This is a very simple and flavorful pasta dish to make. You may use kale, Swiss chard or broccolini for the greens. Double the amount of Swiss chard if you decide to use this green. Swiss chard will significantly diminish in volume once sauteed.
Orecchiette with Sausage and Kale
Orecchiette pasta 454 g or 1 lb
Italian sausage 454 g or 1 lb
Large bunch of greens kale, Swiss chard or broccolini
Chicken stock 240 g or roughly 1 cup
Garlic 2 cloves
Red pepper flakes
Lemon zest from 1 lemon
Bring a stock full of salted water to a boil. Wash and coarsely chop kale or Swiss chard and set aside. If you are using broccolini, cut into small florets.
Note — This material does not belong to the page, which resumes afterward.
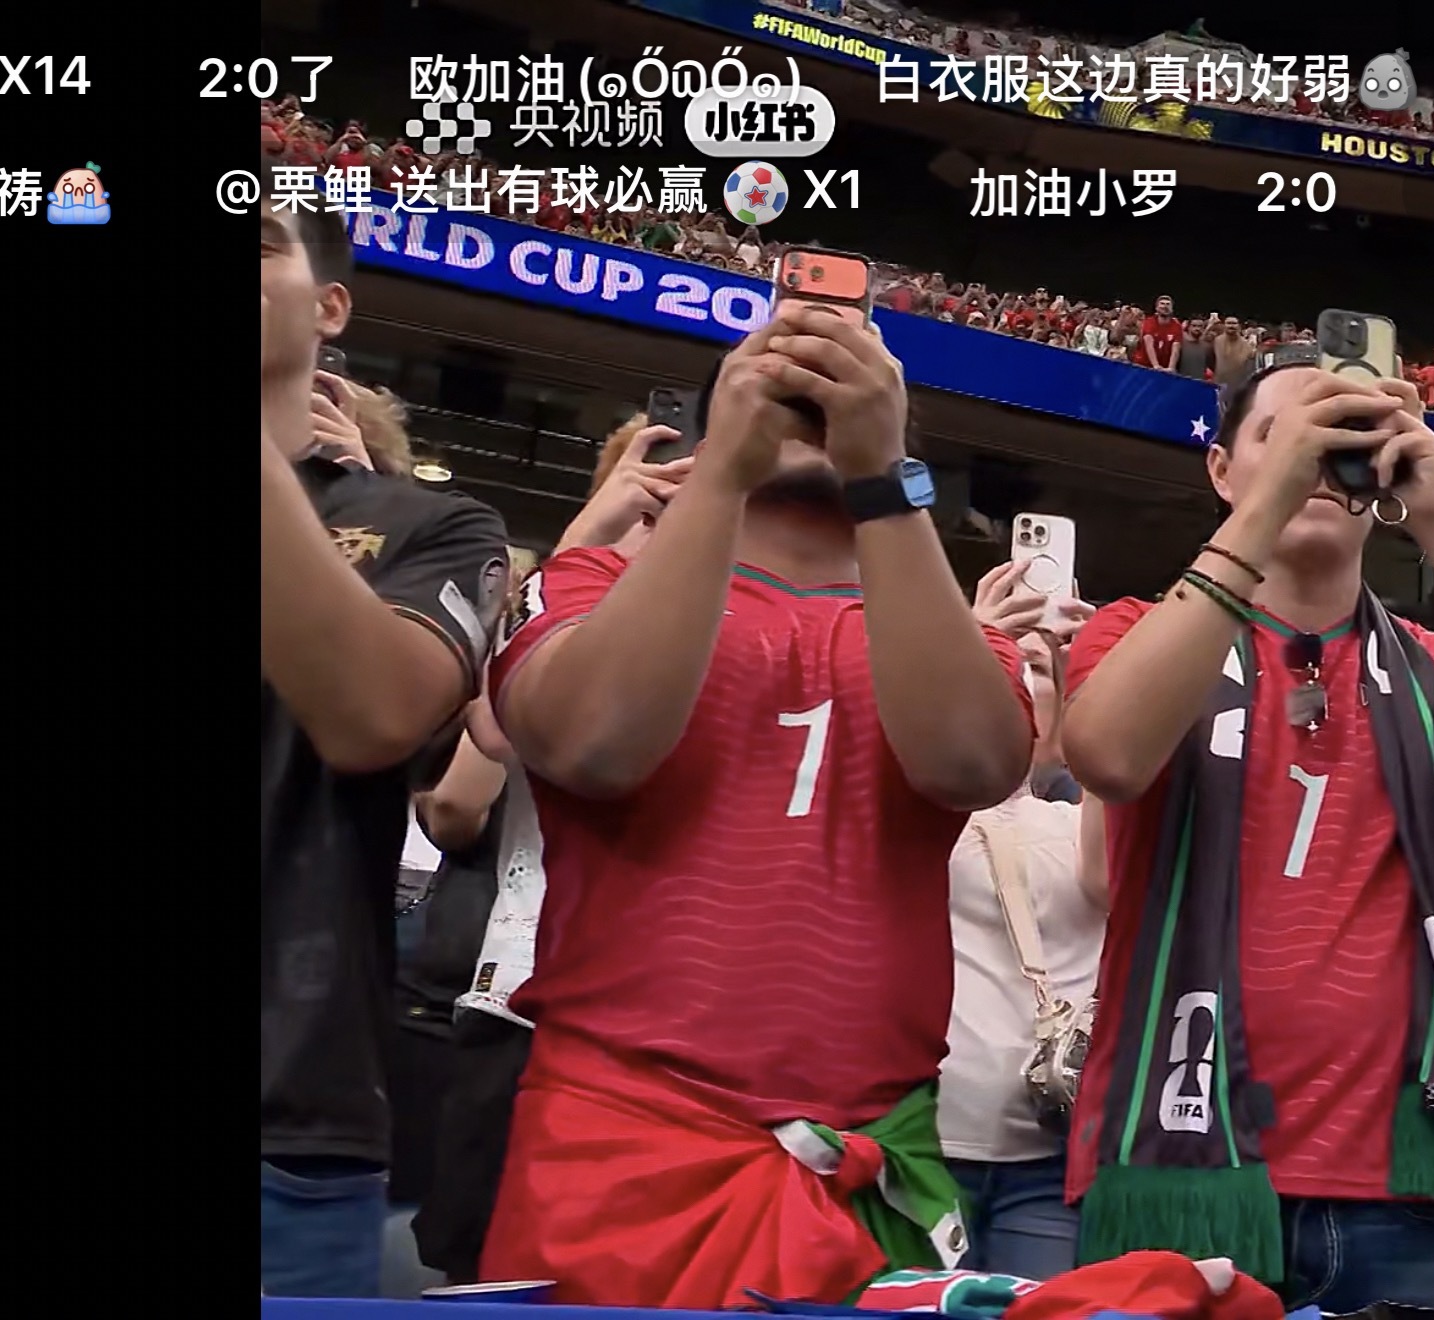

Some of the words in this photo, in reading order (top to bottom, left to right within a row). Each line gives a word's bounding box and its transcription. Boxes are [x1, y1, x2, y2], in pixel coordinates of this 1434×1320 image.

Remove sausage from its casing and sautee in a large pan with a small amount of olive oil until lightly browned. Add more olive oil if necessary and sautee the greens in the same pan with sausage until wilted. Add minced garlic, red pepper flakes and salt to taste. Cook an additional minute and then add chicken stock to pan. Deglaze any brown bits on the bottom of the pan with stock. Cover and continue to simmer for about 15 minutes. Put pasta in boiling water and cook until just short of al dente about 8 minutes. Drain pasta and transfer it into the sautee pan with sausage and greens and toss to combine. Increase heat to medium-high and continue to cook pasta and reduce stock until sauce is slightly thickened, 2-3 minutes. Adjust seasoning with salt. Transfer to a serving platter and finish with extra virgin olive oil, grated Parmesan cheese and lemon zest.